*Exercise*.
Your task is to return the data below, word for word.

*Source records*.

==*==

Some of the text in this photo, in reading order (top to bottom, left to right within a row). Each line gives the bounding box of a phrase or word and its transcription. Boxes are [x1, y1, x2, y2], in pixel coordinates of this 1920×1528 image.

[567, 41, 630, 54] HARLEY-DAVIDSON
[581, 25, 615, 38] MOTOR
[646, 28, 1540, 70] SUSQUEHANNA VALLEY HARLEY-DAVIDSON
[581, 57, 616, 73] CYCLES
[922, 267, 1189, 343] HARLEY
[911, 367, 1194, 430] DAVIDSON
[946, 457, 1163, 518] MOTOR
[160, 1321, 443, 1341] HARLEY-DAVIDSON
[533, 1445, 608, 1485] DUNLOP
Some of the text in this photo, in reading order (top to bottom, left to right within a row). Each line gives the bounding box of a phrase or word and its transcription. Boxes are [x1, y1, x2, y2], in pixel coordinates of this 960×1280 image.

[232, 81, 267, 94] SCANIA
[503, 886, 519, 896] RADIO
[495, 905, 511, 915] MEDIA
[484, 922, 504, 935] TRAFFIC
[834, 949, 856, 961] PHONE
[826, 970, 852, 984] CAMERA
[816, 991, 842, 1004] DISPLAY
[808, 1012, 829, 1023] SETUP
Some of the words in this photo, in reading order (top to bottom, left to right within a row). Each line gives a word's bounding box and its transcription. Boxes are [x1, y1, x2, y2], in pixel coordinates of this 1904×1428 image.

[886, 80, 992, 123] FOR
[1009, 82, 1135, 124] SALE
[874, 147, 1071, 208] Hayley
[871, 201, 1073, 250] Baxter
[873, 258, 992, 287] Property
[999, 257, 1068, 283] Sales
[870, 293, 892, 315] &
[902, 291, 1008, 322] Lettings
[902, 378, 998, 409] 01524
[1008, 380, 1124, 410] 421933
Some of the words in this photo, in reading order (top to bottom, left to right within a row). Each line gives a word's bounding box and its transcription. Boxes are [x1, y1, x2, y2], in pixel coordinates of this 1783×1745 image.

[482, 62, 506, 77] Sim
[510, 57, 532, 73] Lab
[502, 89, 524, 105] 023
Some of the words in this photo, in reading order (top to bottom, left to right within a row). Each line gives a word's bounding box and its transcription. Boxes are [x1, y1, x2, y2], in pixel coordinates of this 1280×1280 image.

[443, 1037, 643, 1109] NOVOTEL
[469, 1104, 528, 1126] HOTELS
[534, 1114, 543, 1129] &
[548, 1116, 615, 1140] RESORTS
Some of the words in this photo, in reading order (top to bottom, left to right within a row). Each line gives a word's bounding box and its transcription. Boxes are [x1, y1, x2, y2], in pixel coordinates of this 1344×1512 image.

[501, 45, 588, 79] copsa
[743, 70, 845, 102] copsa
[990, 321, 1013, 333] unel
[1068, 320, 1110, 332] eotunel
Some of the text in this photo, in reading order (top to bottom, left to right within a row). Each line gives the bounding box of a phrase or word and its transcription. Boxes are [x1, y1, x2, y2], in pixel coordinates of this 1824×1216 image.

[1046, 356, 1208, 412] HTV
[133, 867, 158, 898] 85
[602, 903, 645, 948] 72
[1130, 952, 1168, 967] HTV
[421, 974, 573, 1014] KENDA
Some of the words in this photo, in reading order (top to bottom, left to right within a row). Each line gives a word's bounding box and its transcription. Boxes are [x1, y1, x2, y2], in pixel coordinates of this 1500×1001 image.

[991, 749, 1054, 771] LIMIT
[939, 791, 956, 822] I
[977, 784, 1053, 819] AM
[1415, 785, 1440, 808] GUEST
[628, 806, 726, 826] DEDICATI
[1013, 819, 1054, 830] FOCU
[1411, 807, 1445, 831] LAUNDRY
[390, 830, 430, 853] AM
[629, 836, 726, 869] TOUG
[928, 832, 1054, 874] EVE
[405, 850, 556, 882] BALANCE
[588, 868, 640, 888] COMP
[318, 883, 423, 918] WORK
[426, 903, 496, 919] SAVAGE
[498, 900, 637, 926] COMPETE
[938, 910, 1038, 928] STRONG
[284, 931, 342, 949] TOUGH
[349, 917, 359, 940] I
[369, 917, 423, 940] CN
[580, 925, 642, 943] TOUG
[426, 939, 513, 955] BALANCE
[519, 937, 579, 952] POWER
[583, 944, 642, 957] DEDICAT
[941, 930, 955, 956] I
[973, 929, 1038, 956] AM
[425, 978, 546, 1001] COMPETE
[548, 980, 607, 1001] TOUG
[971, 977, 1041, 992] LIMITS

==*==

*Output*.
Some of the text in this photo, in reading order (top to bottom, left to right within a row). Each line gives the bounding box of a phrase or word and its transcription. Boxes are [x1, y1, x2, y2], in pixel coordinates of this 1920×1528 image.

[567, 41, 630, 54] HARLEY-DAVIDSON
[581, 25, 615, 38] MOTOR
[646, 28, 1540, 70] SUSQUEHANNA VALLEY HARLEY-DAVIDSON
[581, 57, 616, 73] CYCLES
[922, 267, 1189, 343] HARLEY
[911, 367, 1194, 430] DAVIDSON
[946, 457, 1163, 518] MOTOR
[160, 1321, 443, 1341] HARLEY-DAVIDSON
[533, 1445, 608, 1485] DUNLOP
Some of the text in this photo, in reading order (top to bottom, left to right within a row). Each line gives the bounding box of a phrase or word and its transcription. Boxes are [x1, y1, x2, y2], in pixel coordinates of this 960×1280 image.

[232, 81, 267, 94] SCANIA
[503, 886, 519, 896] RADIO
[495, 905, 511, 915] MEDIA
[484, 922, 504, 935] TRAFFIC
[834, 949, 856, 961] PHONE
[826, 970, 852, 984] CAMERA
[816, 991, 842, 1004] DISPLAY
[808, 1012, 829, 1023] SETUP
Some of the words in this photo, in reading order (top to bottom, left to right within a row). Each line gives a word's bounding box and its transcription. Boxes are [x1, y1, x2, y2], in pixel coordinates of this 1904×1428 image.

[886, 80, 992, 123] FOR
[1009, 82, 1135, 124] SALE
[874, 147, 1071, 208] Hayley
[871, 201, 1073, 250] Baxter
[873, 258, 992, 287] Property
[999, 257, 1068, 283] Sales
[870, 293, 892, 315] &
[902, 291, 1008, 322] Lettings
[902, 378, 998, 409] 01524
[1008, 380, 1124, 410] 421933
Some of the words in this photo, in reading order (top to bottom, left to right within a row). Each line gives a word's bounding box and its transcription. Boxes are [x1, y1, x2, y2], in pixel coordinates of this 1783×1745 image.

[482, 62, 506, 77] Sim
[510, 57, 532, 73] Lab
[502, 89, 524, 105] 023
Some of the words in this photo, in reading order (top to bottom, left to right within a row). Each line gives a word's bounding box and its transcription. Boxes are [x1, y1, x2, y2], in pixel coordinates of this 1280×1280 image.

[443, 1037, 643, 1109] NOVOTEL
[469, 1104, 528, 1126] HOTELS
[534, 1114, 543, 1129] &
[548, 1116, 615, 1140] RESORTS
Some of the words in this photo, in reading order (top to bottom, left to right within a row). Each line gives a word's bounding box and its transcription. Boxes are [x1, y1, x2, y2], in pixel coordinates of this 1344×1512 image.

[501, 45, 588, 79] copsa
[743, 70, 845, 102] copsa
[990, 321, 1013, 333] unel
[1068, 320, 1110, 332] eotunel
Some of the text in this photo, in reading order (top to bottom, left to right within a row). Each line gives the bounding box of a phrase or word and its transcription. Boxes are [x1, y1, x2, y2], in pixel coordinates of this 1824×1216 image.

[1046, 356, 1208, 412] HTV
[133, 867, 158, 898] 85
[602, 903, 645, 948] 72
[1130, 952, 1168, 967] HTV
[421, 974, 573, 1014] KENDA
Some of the words in this photo, in reading order (top to bottom, left to right within a row). Each line gives a word's bounding box and its transcription. Boxes are [x1, y1, x2, y2], in pixel coordinates of this 1500×1001 image.

[991, 749, 1054, 771] LIMIT
[939, 791, 956, 822] I
[977, 784, 1053, 819] AM
[1415, 785, 1440, 808] GUEST
[628, 806, 726, 826] DEDICATI
[1013, 819, 1054, 830] FOCU
[1411, 807, 1445, 831] LAUNDRY
[390, 830, 430, 853] AM
[629, 836, 726, 869] TOUG
[928, 832, 1054, 874] EVE
[405, 850, 556, 882] BALANCE
[588, 868, 640, 888] COMP
[318, 883, 423, 918] WORK
[426, 903, 496, 919] SAVAGE
[498, 900, 637, 926] COMPETE
[938, 910, 1038, 928] STRONG
[284, 931, 342, 949] TOUGH
[349, 917, 359, 940] I
[369, 917, 423, 940] CN
[580, 925, 642, 943] TOUG
[426, 939, 513, 955] BALANCE
[519, 937, 579, 952] POWER
[583, 944, 642, 957] DEDICAT
[941, 930, 955, 956] I
[973, 929, 1038, 956] AM
[425, 978, 546, 1001] COMPETE
[548, 980, 607, 1001] TOUG
[971, 977, 1041, 992] LIMITS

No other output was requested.